ASSET UTILIZATION RATIO

This ratio measures how effectively the firm is using its assets to generate revenue. It shows the amount of revenue generated for every dollar's worth of assets.

IN the year 2005, asset utilization ratio was 0.045 and that increased up to 0.061 in 2008. The banks operating revenue had an upward trend while its total assets decreased in the year 2008. However, between 2007 and 2008, the total operating revenue increased by a small figure. That might have been due to the financial crisis that was present at that time.

LOAN ANALYSIS

Loan and advances are increasing from 37,090,808 in 2005 to 52,600,074 in 2008. From 2005 to 2006, there was a percentage increment of 26.39. From 2006 to 2007, loan and advances increased by 1.26 %. There was an increment of 10.81% from 2007 to 2008. That proves that loan and advances had an upward trend between 2005 to 2008. Loans and advances were at the peak in 2008. Assumption behind this is that the financial crisis impacted Malaysia during that year, so companies and consumers increased their borrowings to finance both their short term and long term deficit.
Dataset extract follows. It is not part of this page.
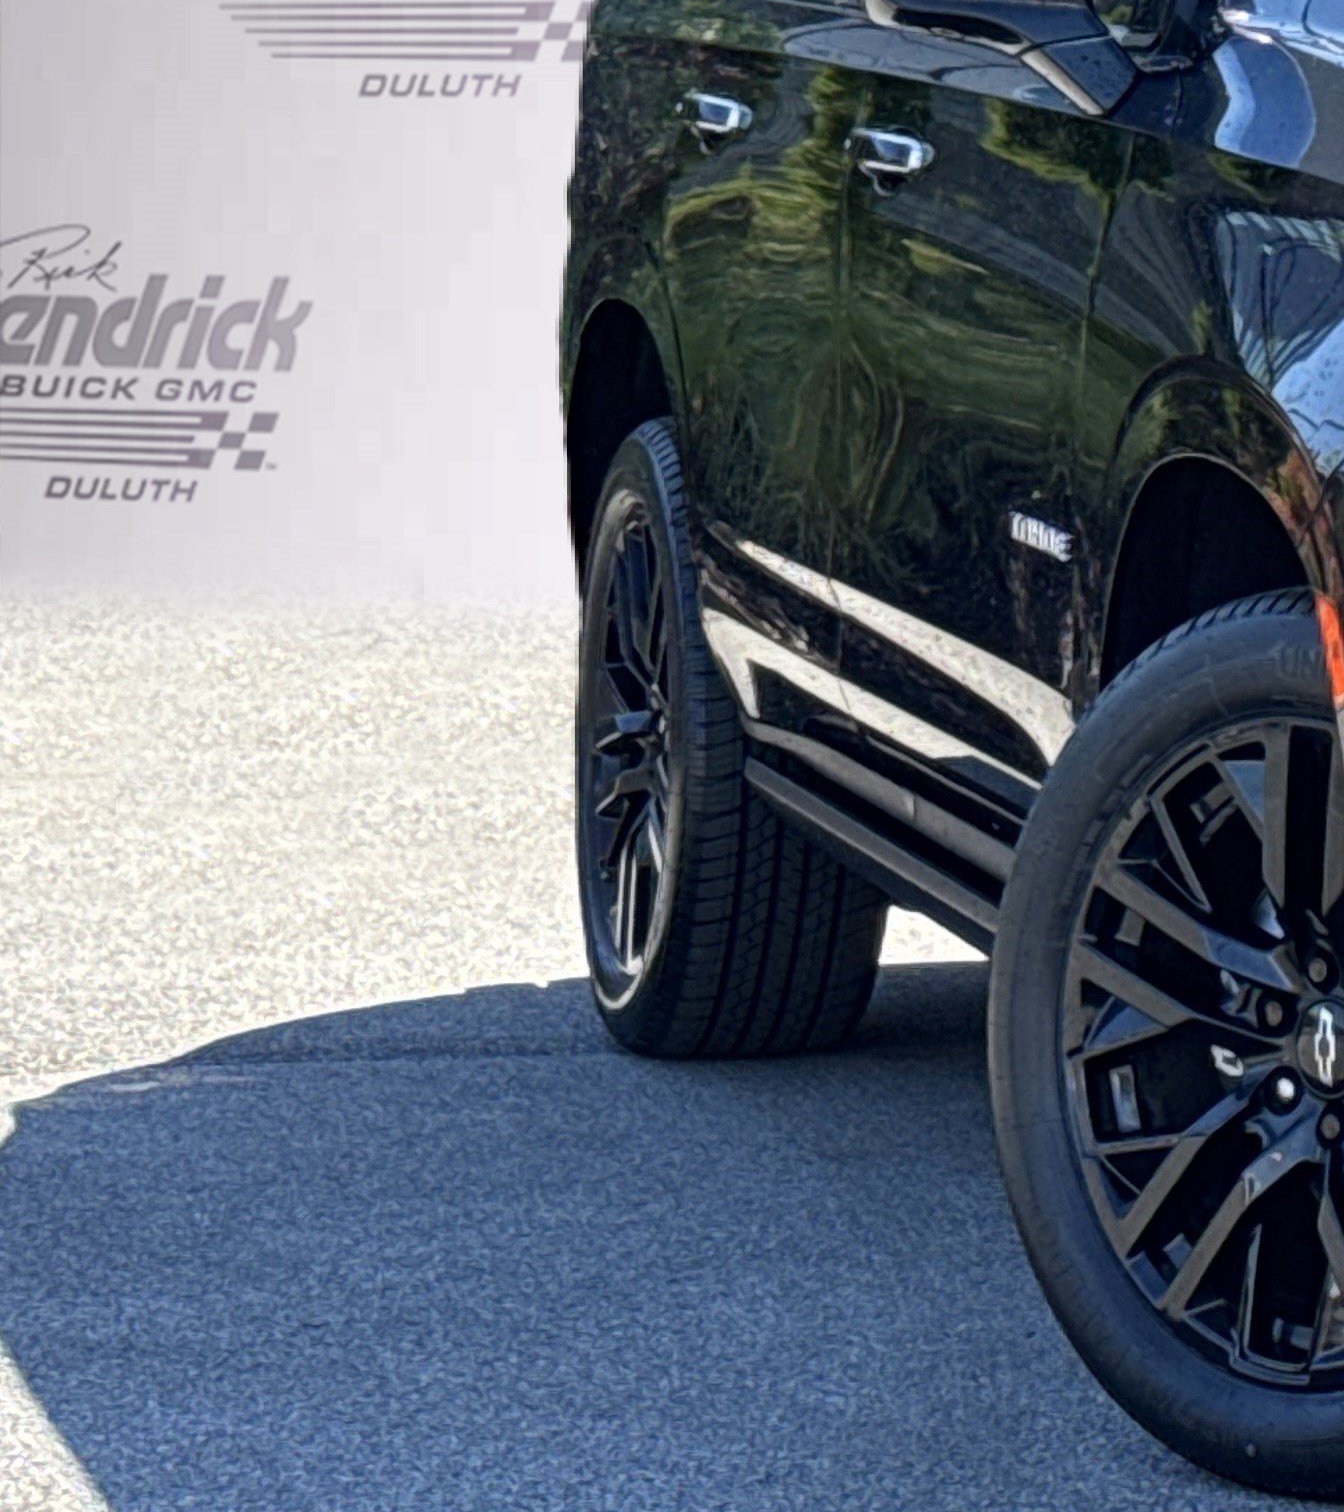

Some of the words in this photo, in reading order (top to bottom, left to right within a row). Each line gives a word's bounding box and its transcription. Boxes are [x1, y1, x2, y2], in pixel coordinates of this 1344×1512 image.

As for non performing loan, there was an 8.32% increment between 2005 to 2006, and a 35.38 decrement from 2006 to 2008.

Conclusion

RHB, aspiring to be one of the top 3 banks in ASEAN Region by 2020, we feel is certainly moving in the right direction. In the years of assessment from 2005 to 2008, it shows that the bank is growing and very steadily as well.

This is evidenced by the ROA and ROE both increasing from 0.36% to 1.11% and 6.6% to 14.9% respectively. This shows that the bank is able to provide a good return from efficiently managing their assets, and is able to give out a good return to investors for the capital they invested as well. The EPS has also increases considerably from 6.9sen to 15.9 sen, coupled with the Net Profit Margin which increased by 130% over the 4 years under review once again highlight the consistent growth that the bank is experiencing. This speaks volumes about the profitability of the bank.
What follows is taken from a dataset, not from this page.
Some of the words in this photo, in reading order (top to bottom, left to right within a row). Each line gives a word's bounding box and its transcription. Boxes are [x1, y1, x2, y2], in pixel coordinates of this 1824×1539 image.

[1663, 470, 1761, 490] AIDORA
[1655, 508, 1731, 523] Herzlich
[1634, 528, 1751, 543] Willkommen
On the other hand, it shows it is improving in managing their non performing loans and the non performing loans/total assets ratio decreased over time. This may be a sign that they invested in good credit collection mechanisms and other methods to improve the performances of loans. This is also supported by the decrease in loan loss ratio and hence the provision of such loans. Such a decrease suggests that the credit risk of the bank has decreased.

We reckon that the bank has performed quite well over the past few years and we believe the bank has prospects to continue to grow in the market and compete with the other bigger banks and ultimately see their vision through.